By the time the first guests arrived, we were gussied up in our game-day clothes and playing a lazy match of one-on-one in the driveway, each of us restricted to left-handed set-shots on account of we’d only just learned about the legendary Dolph Schayes and figured his example of ambidexterity was one to live up to. Most folks parked along the shoulder of the road or in the front yard where Paulie’s folks instructively had put their matching Lincolns for the night. But then this one Landrover pulled fast and crooked into the driveway, braking hard and actually nudging my hip with the bumper just as I was shooting for three (I made it!) and when the driver and his wife stepped out from the car, neither one of them acknowledged they’d hit me. They didn’t acknowledge Paulie and me at all. Which I guess proved what Paulie and I suspected anyway: that in certain adults’ eyes, we were invisible and maybe without substance. In separate ways, this was depressing and liberating all at once. Inside the house, bottles were opening and hands were shaking. Red streams pouring and ice cubes rattling glass. Paulie gathered the rebound and bowled his Spaulding under the half-open garage door, where it burped against some metallic thing and drew still. Our game, obviously, was over.

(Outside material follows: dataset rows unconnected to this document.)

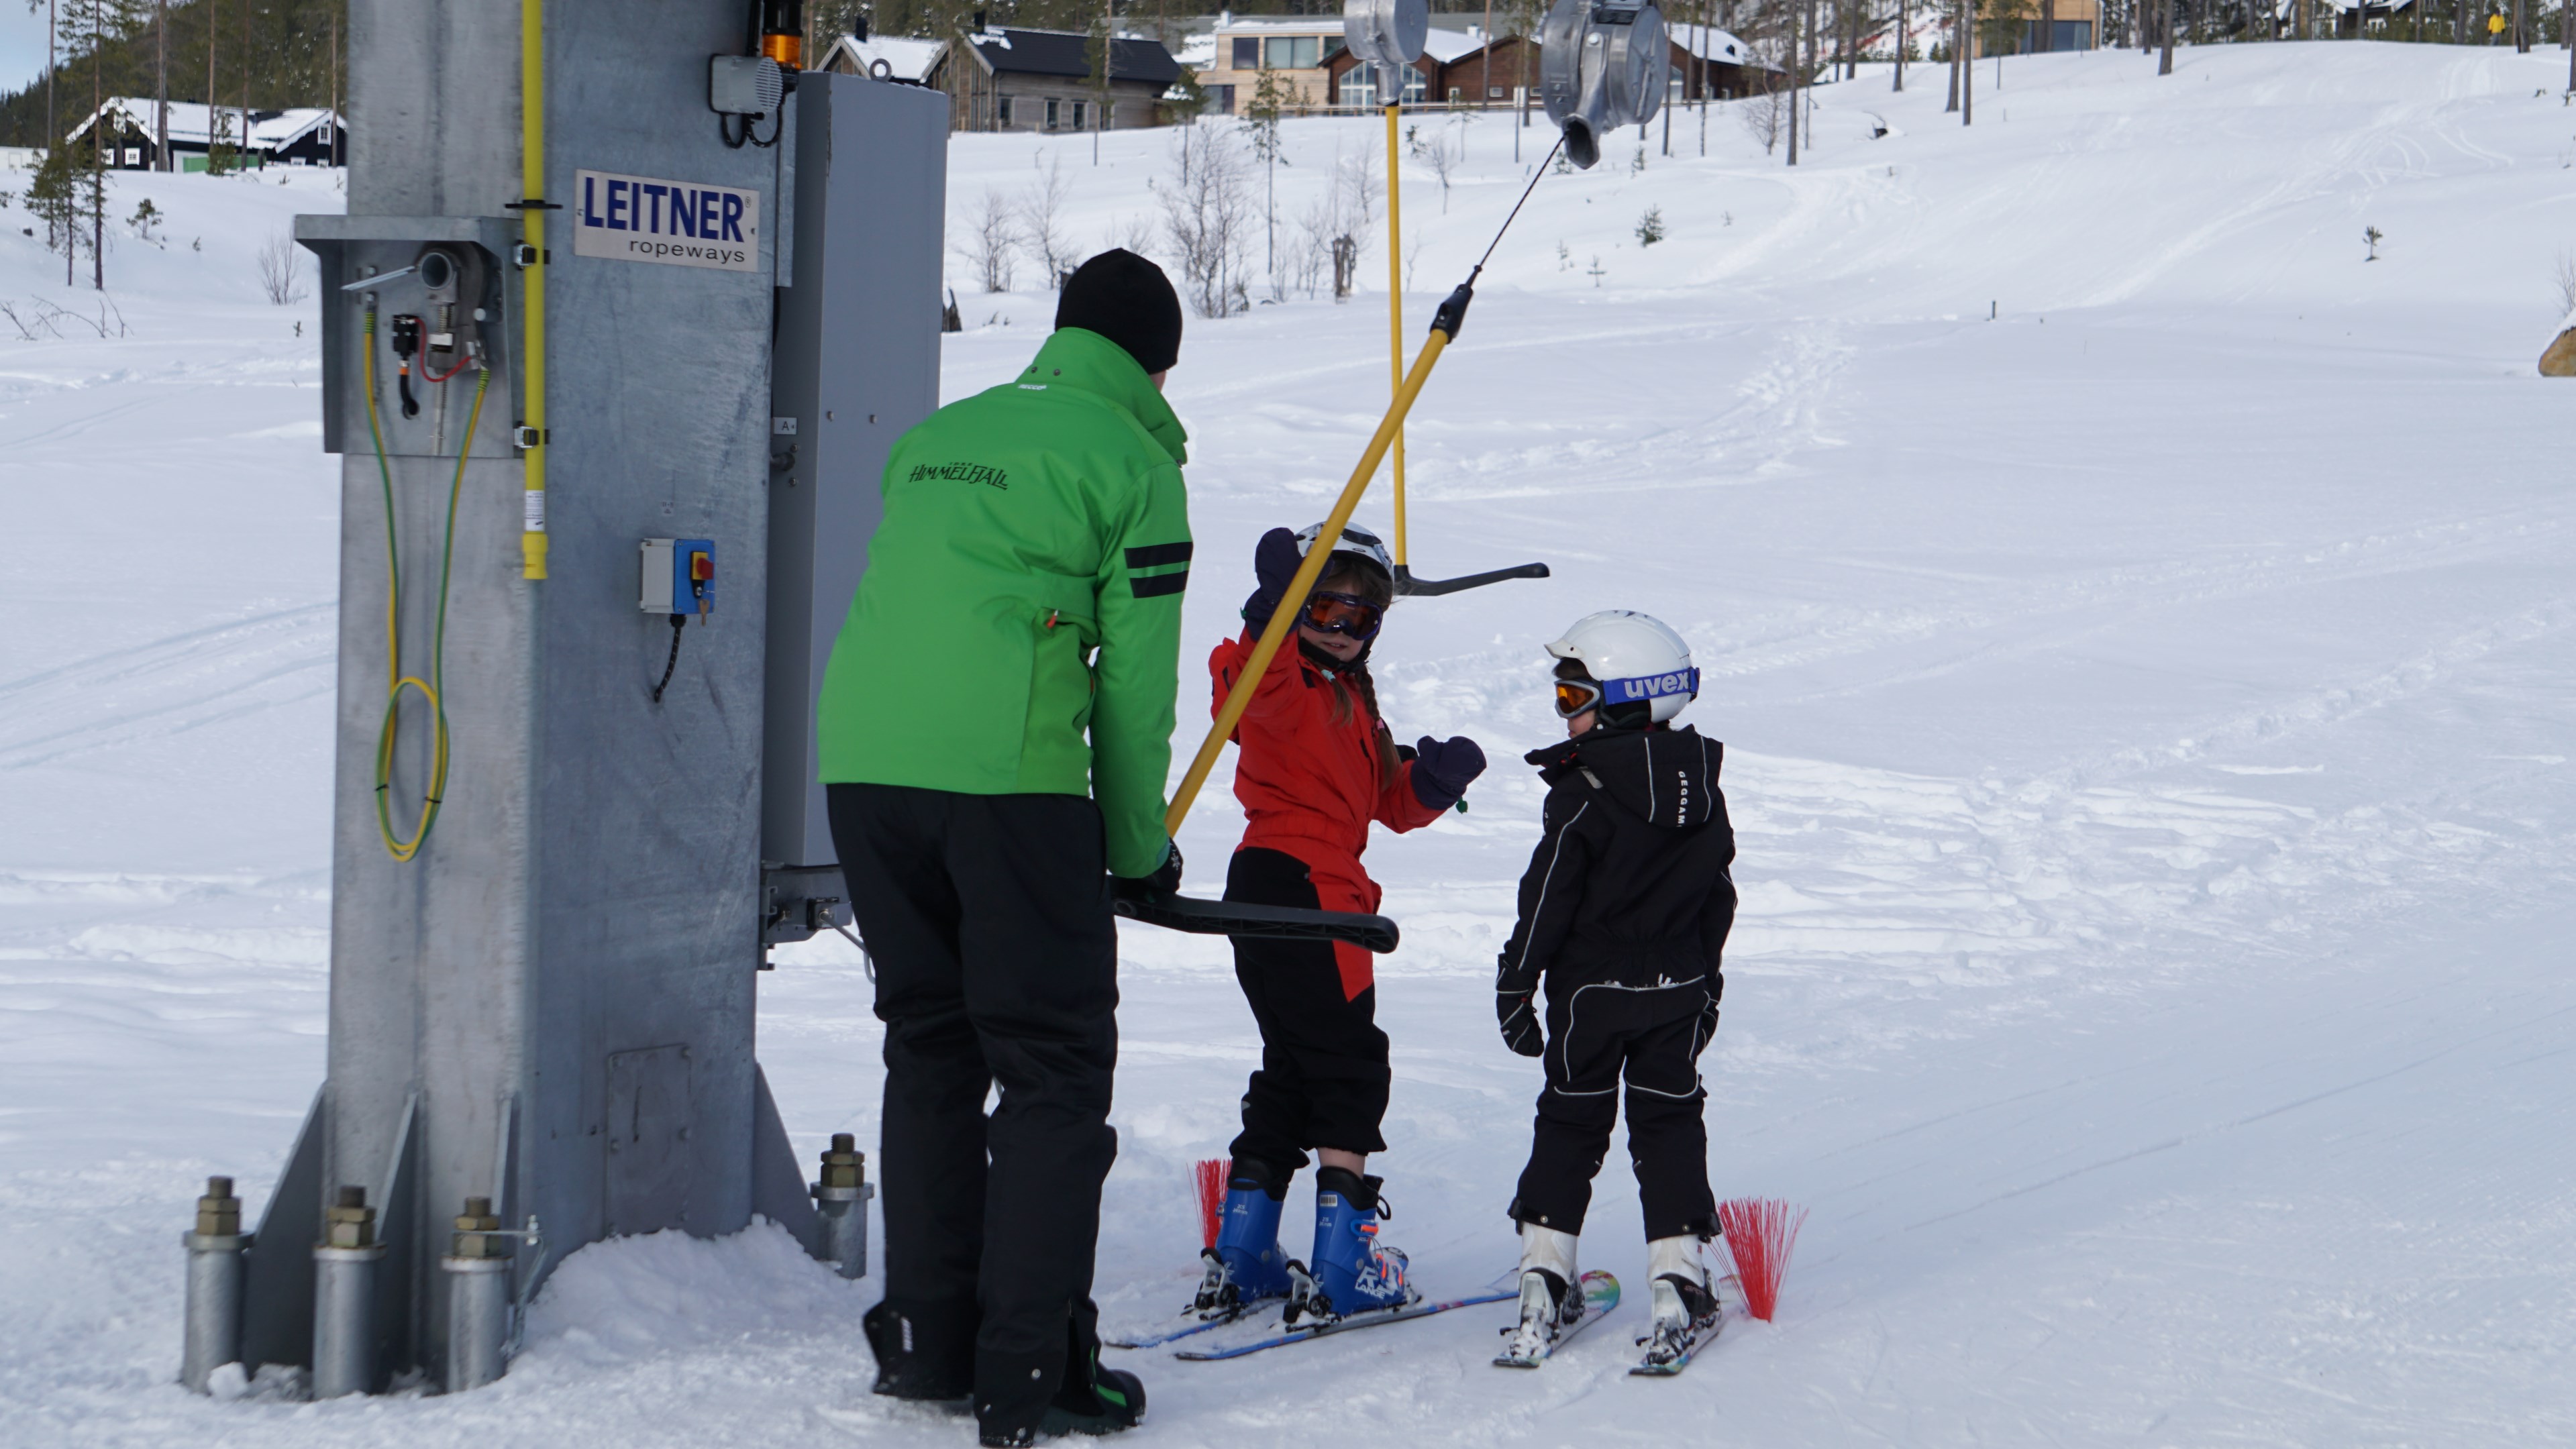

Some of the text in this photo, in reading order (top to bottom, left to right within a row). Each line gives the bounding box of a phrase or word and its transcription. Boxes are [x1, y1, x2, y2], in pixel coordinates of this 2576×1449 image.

[584, 176, 744, 243] LEITNER
[629, 239, 745, 264] ropeways
[1624, 672, 1690, 698] uvex
[1677, 771, 1688, 827] GEGGAM
[1355, 1282, 1386, 1299] LANGE
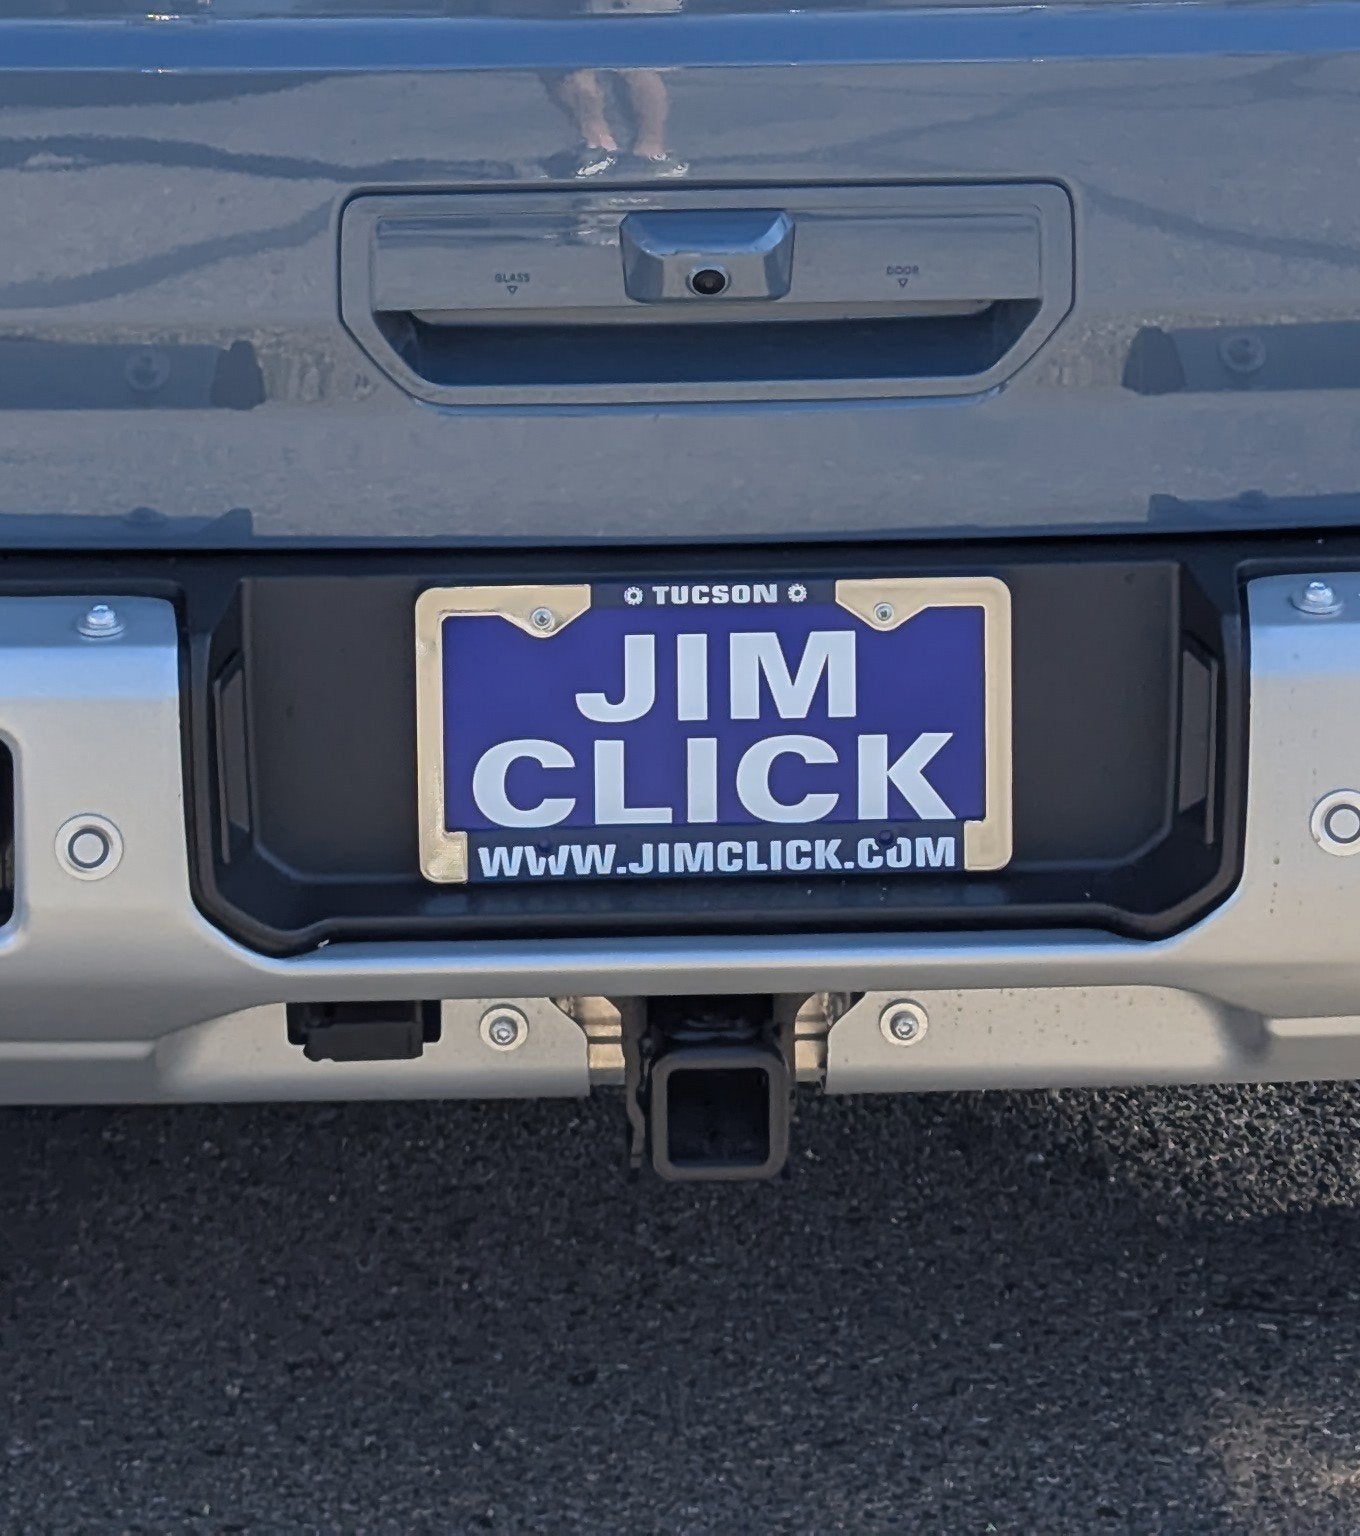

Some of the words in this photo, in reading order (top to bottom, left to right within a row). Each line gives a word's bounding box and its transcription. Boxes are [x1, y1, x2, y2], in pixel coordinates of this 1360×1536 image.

This must’ve been sometime in July because the daylight went on forever. Everybody milled laughing and blathering on the wraparound deck with their drinks and their cigarettes, soaking up the last light of the day until there wasn’t any day left to soak. Then they all flocked inside like moths toward the wet bar’s yellow glow. So how was this different from any teenage house party? No different. Just nicer shoes. There was a handful of kids bounding like jackals in the yard, playing tag and chasing fireflies, but by and large, they were too young for Paulie and me to give two shits about. Yet sometime after the sun had set but before full dark was upon us (I can still see how the sky was bright while everything below, the house and trees and every face I saw, was dim and ghostly and only partly visible, partly there) two girls who looked about our age revealed themselves in the dusk. In all honesty, I can’t remember or maybe never found out if they were sisters who’d come together or friends who’d arrived apart. Either way, they must’ve gone to some other school than us. Paulie and I didn’t know them. But they sure seemed to know us. While we stood there in the grass at the foot of the deck, the two girls approached us and touched us each on the arm and said how happy they were that we were there. I remember, the words they used were young bucks. Their eyes were the confident bedroom eyes I’ve only ever seen since in adult women and very few men. Now, I could ascribe any number of motives for their acting like that, but why bother? What other choice did we have but to agree: we were happy they were there, too.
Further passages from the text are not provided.